かわうそ日記 ( 2002年12月 ) こよみのページ こよみのページ
枯れ草と長い影  (2002.12.25[水])

長い影日短の頃。真昼でさえも頼りなげな陽光が、冬枯れた草の上に射している。
頼りなげな陽光は真夏のそれの激しさはなく、いたわるようなやさしい温もりだけを枯れた草の上に送っていた。

冬の日に照らされた暖かな枯れ草はまるで絨毯のよう。
枯れ草が絨毯ならば、絨毯に見事な模様を描くのもまた冬の日。
木立の影が長く伸び、美しい模様を為している。

足下まで伸びた長い影を踏もうと足を動かすと、カサコソと乾いた草の葉の擦れ合う音が聞こえた。


夜景かな?  (2002.12.19[木])

こよみのページを始めてから、デジタルカメラを鞄に入れる習慣がついた。
初の頃は、何かの解説記事で使う写真を撮るなどに利用していたが、そのうちに目に付いたものを撮して、言わば絵日記の絵の代わりとして撮すことが増えてきた。

無目的な訳だから、撮影は不定期。
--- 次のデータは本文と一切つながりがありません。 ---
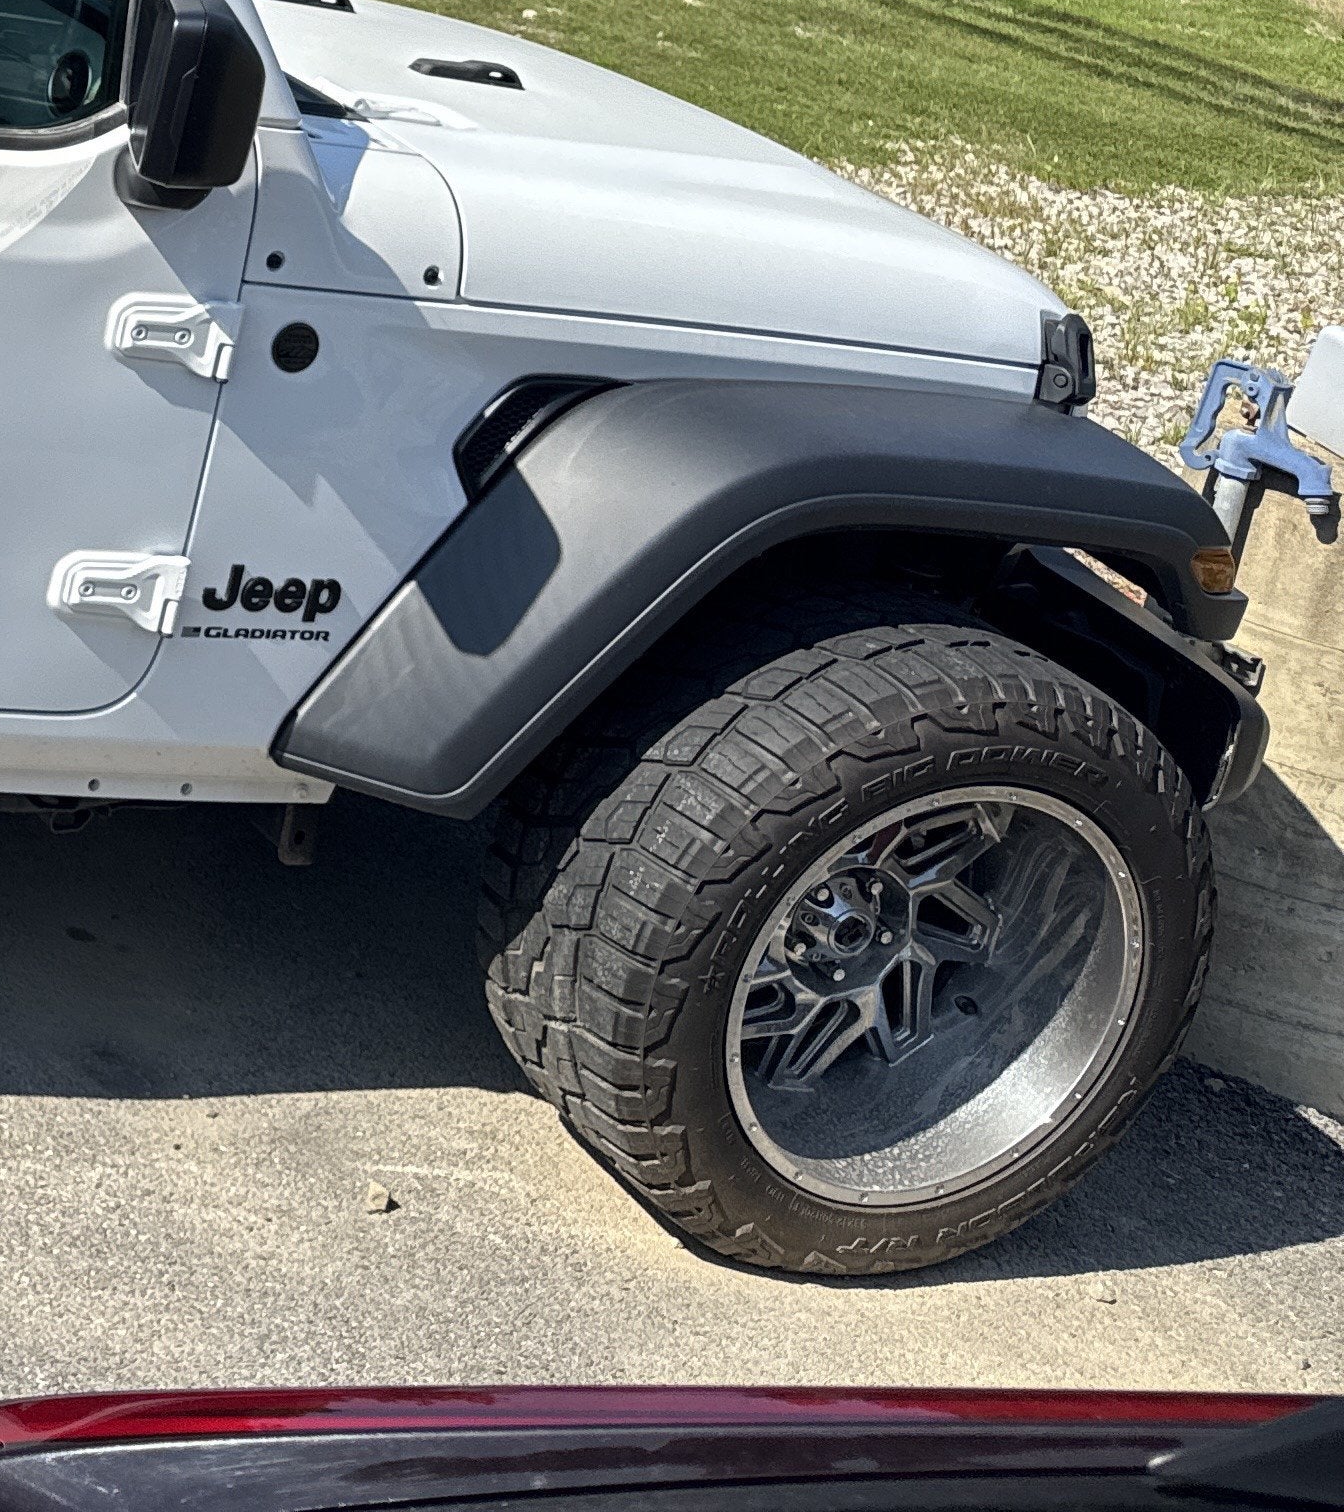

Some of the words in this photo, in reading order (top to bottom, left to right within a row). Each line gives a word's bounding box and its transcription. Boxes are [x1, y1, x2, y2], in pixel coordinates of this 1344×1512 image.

[202, 564, 342, 623] Jeep
[203, 626, 330, 642] GLADIATOR
[861, 754, 937, 801] BIG
[945, 744, 1111, 787] POWER
1日で何枚も撮ることもあれば、何日も撮らないこともある。さらに、これをPCにダウンロードして眺めるのも不定期と言うことで、時として
 「これなんだっけ?」
と撮した本人が何を撮したか忘れて首を傾げる写真もある。

左の写真もそうした首を傾げるものの一枚。場所はいつもの公園。しかしこの場所で夜景を撮した記憶はない。
夜のような・・・自らの記憶を探り、写真を見直してようやく正体判明。夜景じゃなくて朝の写真なのだ。何となく光が青みがかり月光を思わせたので気がつかなかったが、公園から道を挟んだ先のビルのガラスに朝日が反射して、公園の煉瓦の道を照らしているのだ。
ガラスに反射した青みがかった光が朝日とは反対方向から差し込んでいるので惑わされた。
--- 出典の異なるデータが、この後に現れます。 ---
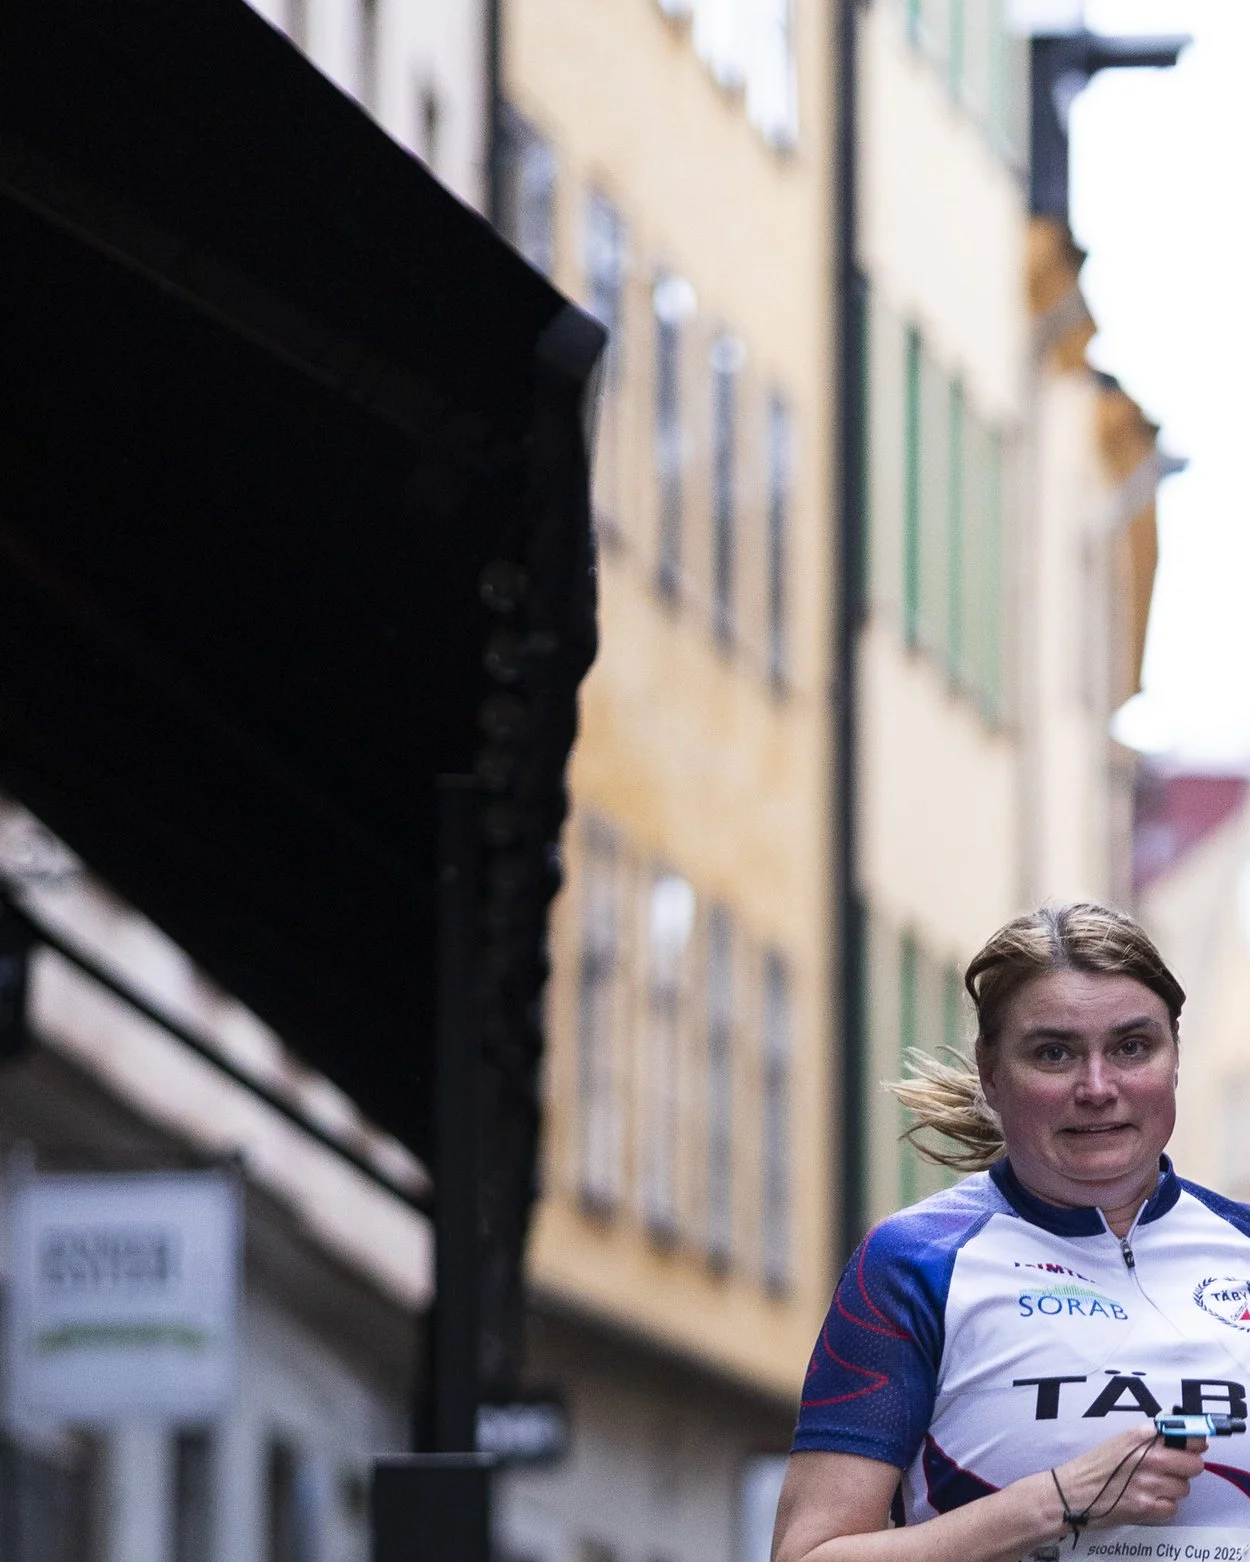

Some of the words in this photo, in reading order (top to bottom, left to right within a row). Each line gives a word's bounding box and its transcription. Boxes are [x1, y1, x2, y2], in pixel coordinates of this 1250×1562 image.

[1210, 1290, 1247, 1301] TÄBY
[1018, 1295, 1129, 1320] SORAB
[1156, 1543, 1181, 1561] City
[1185, 1544, 1210, 1562] Cup
[1213, 1546, 1243, 1561] 2025
本来なら「没写真」なのだが、撮した本人を上手にだました写真に敬意(?)を表して
、日記に使わせていただいた。

追記.
思い出してみれば、自分でもビルのガラスに反射したちょっと不思議な朝日を撮ろうと思った写真なのに。要するに物忘れが激しかっただけのことか。


飛び石忘年会  (2002.12.18[水])

先週の金曜日から今週の日曜日、火曜日と飛び石で忘年会が続いている。
いずれも趣味のバドミントン関係の会。あちらこちらのクラブにお世話になっているためあちらこちらと、顔を出すことになる。短期間に3回の忘年会で、そろそろ忘れるネタもつきてしまったところで、今年は終わり。
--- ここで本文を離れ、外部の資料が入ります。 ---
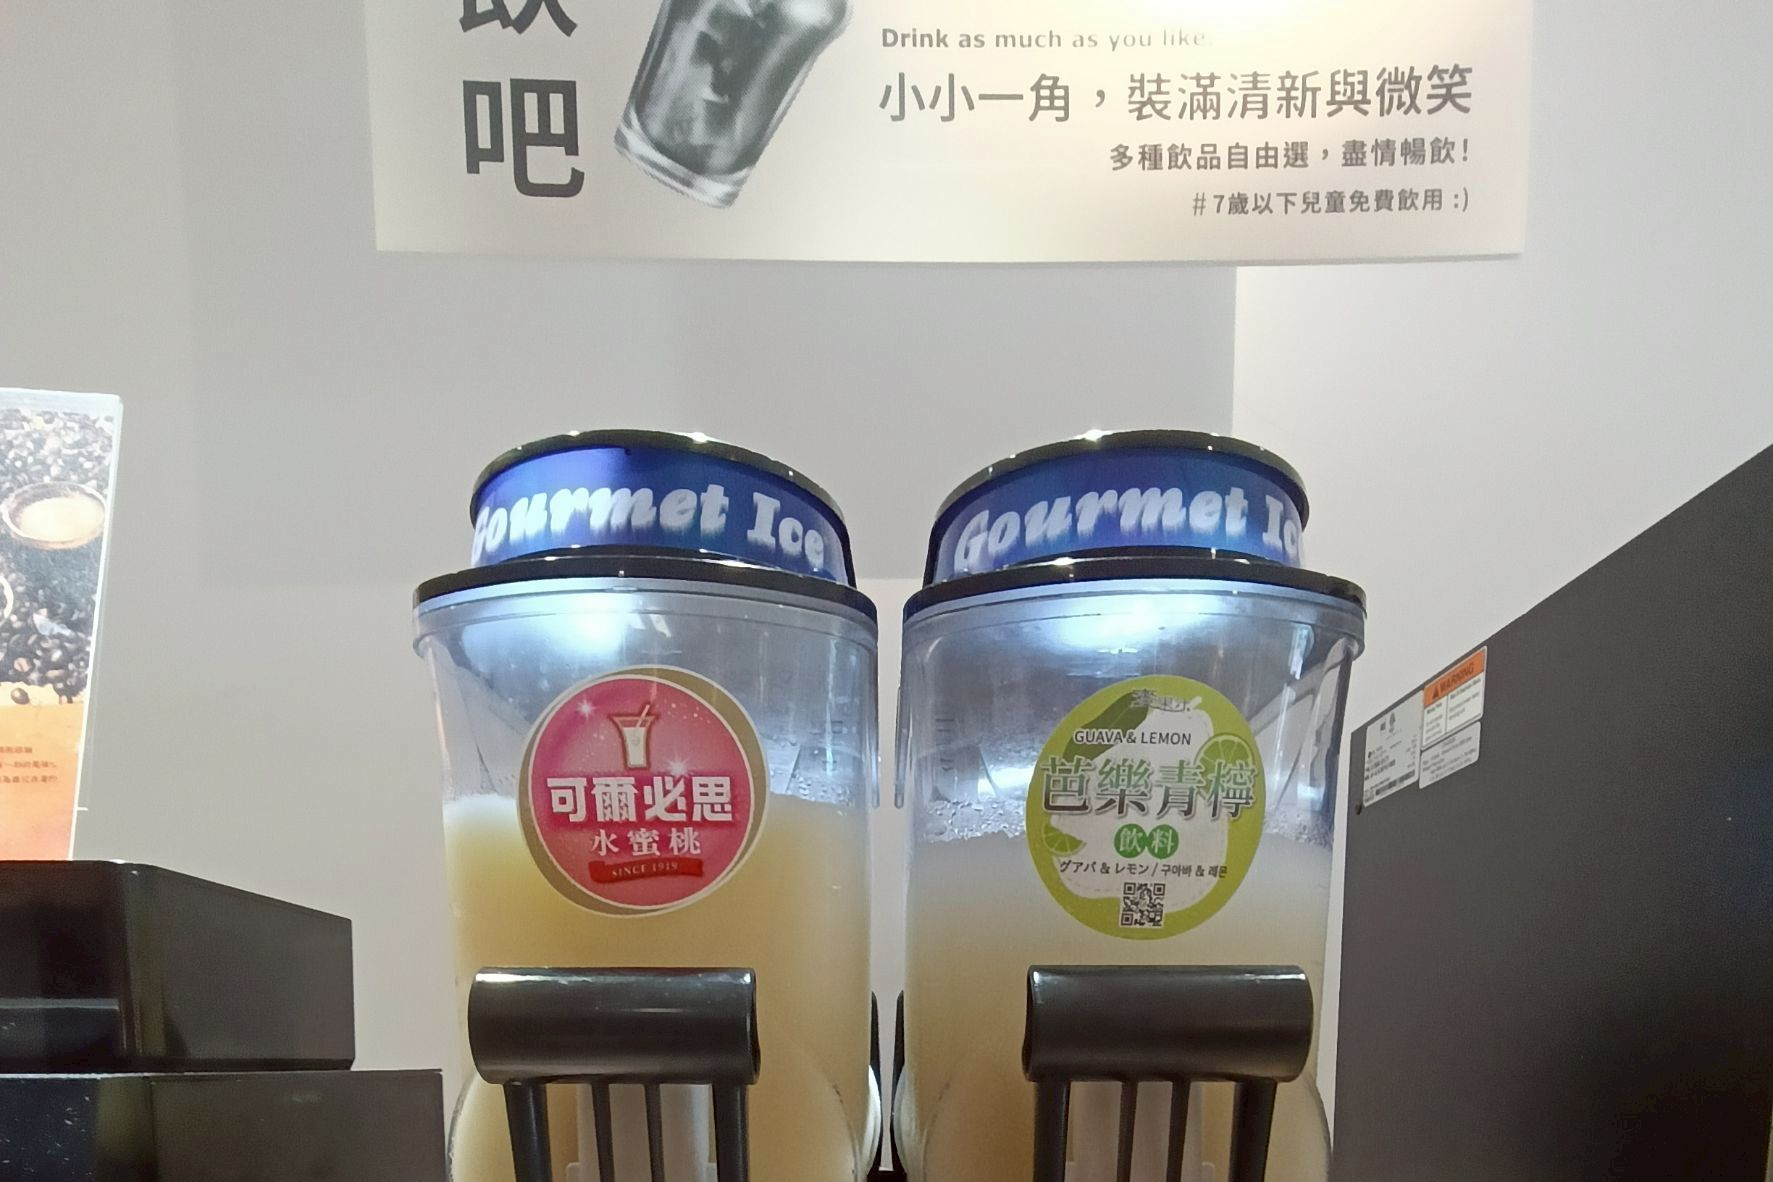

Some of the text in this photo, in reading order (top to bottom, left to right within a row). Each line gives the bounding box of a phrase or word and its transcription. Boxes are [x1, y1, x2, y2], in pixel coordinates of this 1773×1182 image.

[882, 28, 949, 47] Drink
[958, 32, 986, 48] as
[995, 29, 1062, 48] much
[1072, 32, 1098, 48] as
[1108, 30, 1152, 52] you
[879, 63, 1474, 123] 小小一角，裝滿清新與微笑
[746, 492, 825, 572] Ice
[954, 486, 1250, 573] Gourmet
[1074, 729, 1192, 746] GUAVA & LEMON
[546, 776, 734, 823] 可爾必思
[1040, 754, 1258, 821] 芭樂青檸
[590, 826, 702, 857] 水蜜桃
[1118, 827, 1176, 855] 飲料
[611, 864, 648, 878] SINCE
[1115, 862, 1149, 875] レモン
あまり飲める方では無いので、何れの会でも始めの頃にビールを何杯か飲んで、あとはノンアルコール系に移行し、もっぱら会話を楽しむのが私の忘年会。同好の集まりの会であれば会話も弾み、あっという間に時間が過ぎて行く。

同じ忘年会でも、仕事関係の会はなんだかんだと言いつつ仕事の話が登場し、「立場」を意識してしまうためか談論風発とは行かない。時間もノロノロと過ぎるようで、楽しい会と言うより苦痛の会になることが多い。

現在の忘年会のような「年忘れの会」は、江戸時代に定着したものらしい。
師走の末には一年の全ての支払いを済ませ、仕事も終えた人たちが集まる会だったようだ。大きな商家などでは、煤払いの日に主人が家族・親戚・奉公人たちと一堂に会して年忘れの膳を囲むのが習わしだったとか。現代の会社の忘年会の原型みたいだ。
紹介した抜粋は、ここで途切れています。